NOTE 6 - ADVANCES FROM FEDERAL HOME LOAN BANK
The outstanding advances from the FHLB consisted of the following at December
31, 1998:
Maturity 1998 Rate
-------- ---- ----
01/04/1999 $ 20,025,000 4.85%
12/31/2004 $ 258,643 6.09%
01/03/2005 $ 124,842 6.03%
01/01/2013 $ 480,749 6.09%
01/01/2013 $ 456,771 6.13%
02/01/2013 $ 453,349 5.91%
Pursuant to collateral agreements with the Federal Home Loan Bank (FHLB),
advances are secured by all stock and deposit accounts in the FHLB, mortgage
collateral, securities collateral, and other collateral.

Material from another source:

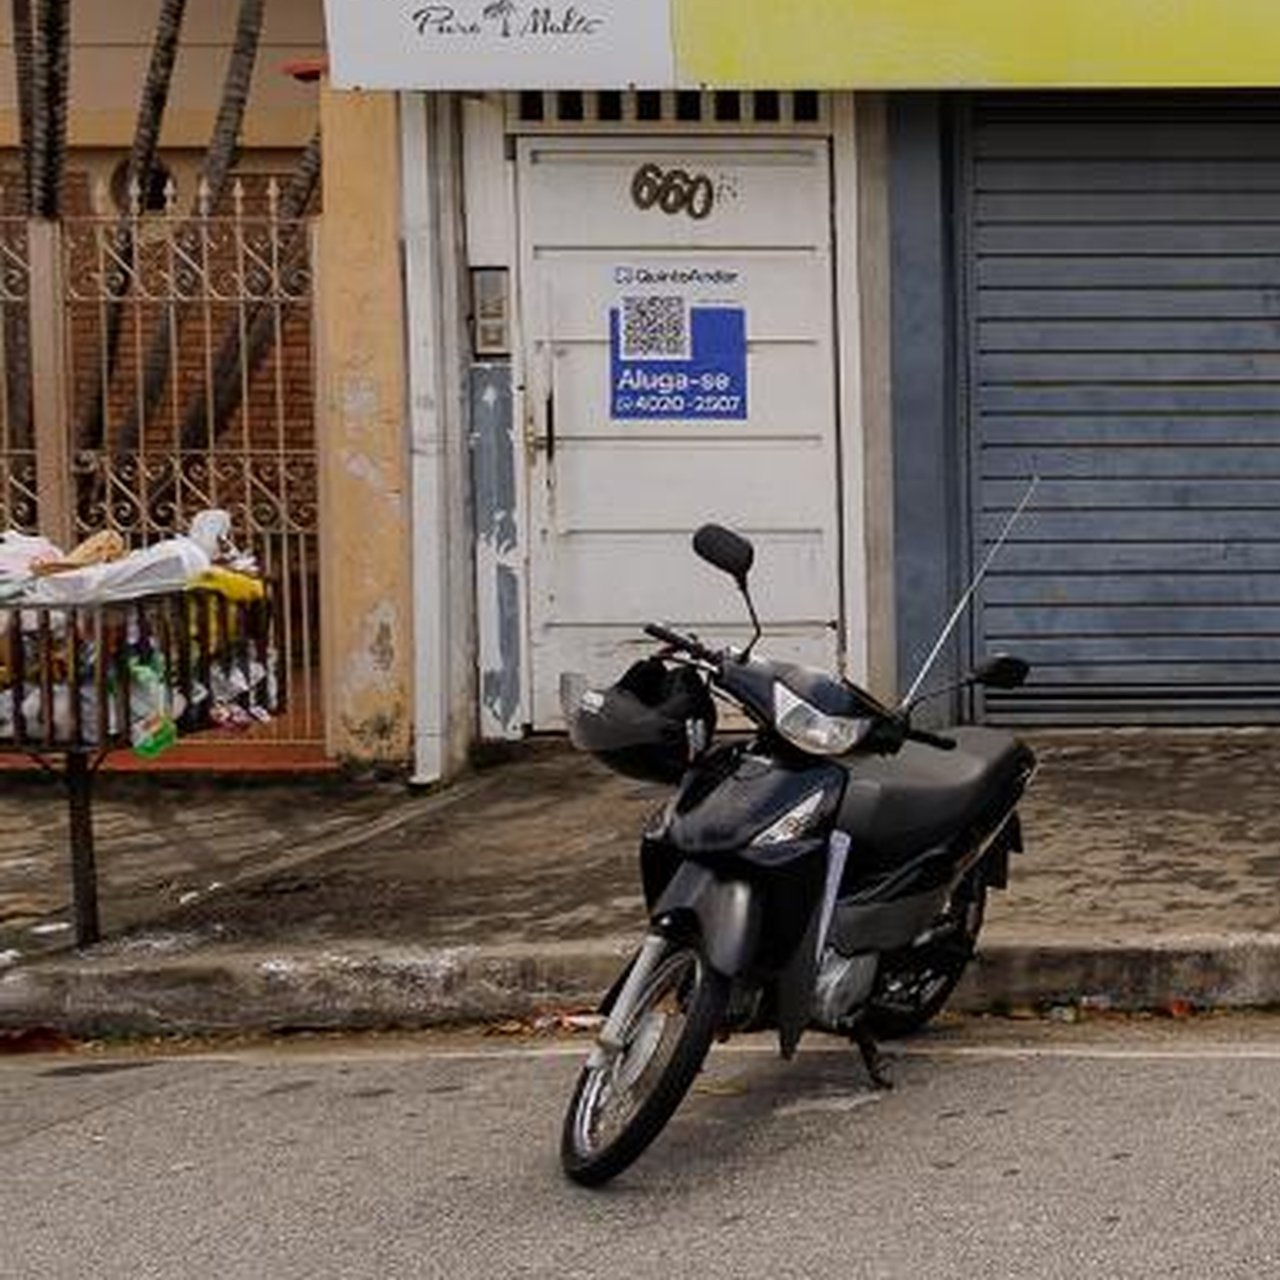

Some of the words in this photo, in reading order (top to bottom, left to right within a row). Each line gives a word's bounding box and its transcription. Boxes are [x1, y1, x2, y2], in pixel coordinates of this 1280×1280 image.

[631, 162, 714, 219] 660
[636, 268, 739, 284] QuintoAndar
[618, 369, 730, 394] Aluga-se

NOTE 7 - COMMON STOCK SPLIT
On March 25, 1998, the Company completed a 3 for 2 stock split in the form of a
50% stock dividend. The effect of the split is presented retroactively within
stockholder's equity by transferring the par value of the additional shares from
retained earnings to additional paid in capital. All share per share data,
including stock option plan information, has been retroactively restated to
reflect the stock split.
<PAGE>
EAST TEXAS FINANCIAL SERVICES, INC.
AND SUBSIDIARY
FORM 10-QSB
DECEMBER 31, 1998
Item 2 - Management's Discussion and Analysis of Financial Condition and Results
of Operations
GENERAL
The principle business of the Company is that of a community-oriented financial
institution attracting deposits from the general public and using such deposits
to originate one- to four-family residential loans and, to a lesser extent,
commercial real estate, one- to four-family construction, multi-family and
consumer loans. These funds have also been used to purchase mortgage-backed
securities, U. S. government and agency obligations and other permissible
securities. The Company also borrows funds from the Federal Home Loan Bank of
Dallas to fund loans and to purchase securities. The ability of the Company to
attract deposits is influenced by a number of factors, including interest rates
paid on competing investments, account maturities and levels of personal income
and savings. The Company's cost of funds is influenced by interest rates on
competing investments and general market rates of interest. Lending activities
are influenced by the demand for real estate loans and other types of loans,
which is in turn affected by the interest rates at which such loans are made,
general economic conditions affecting loan demand, the availability of funds for
lending activities, economic conditions and changes in real estate values.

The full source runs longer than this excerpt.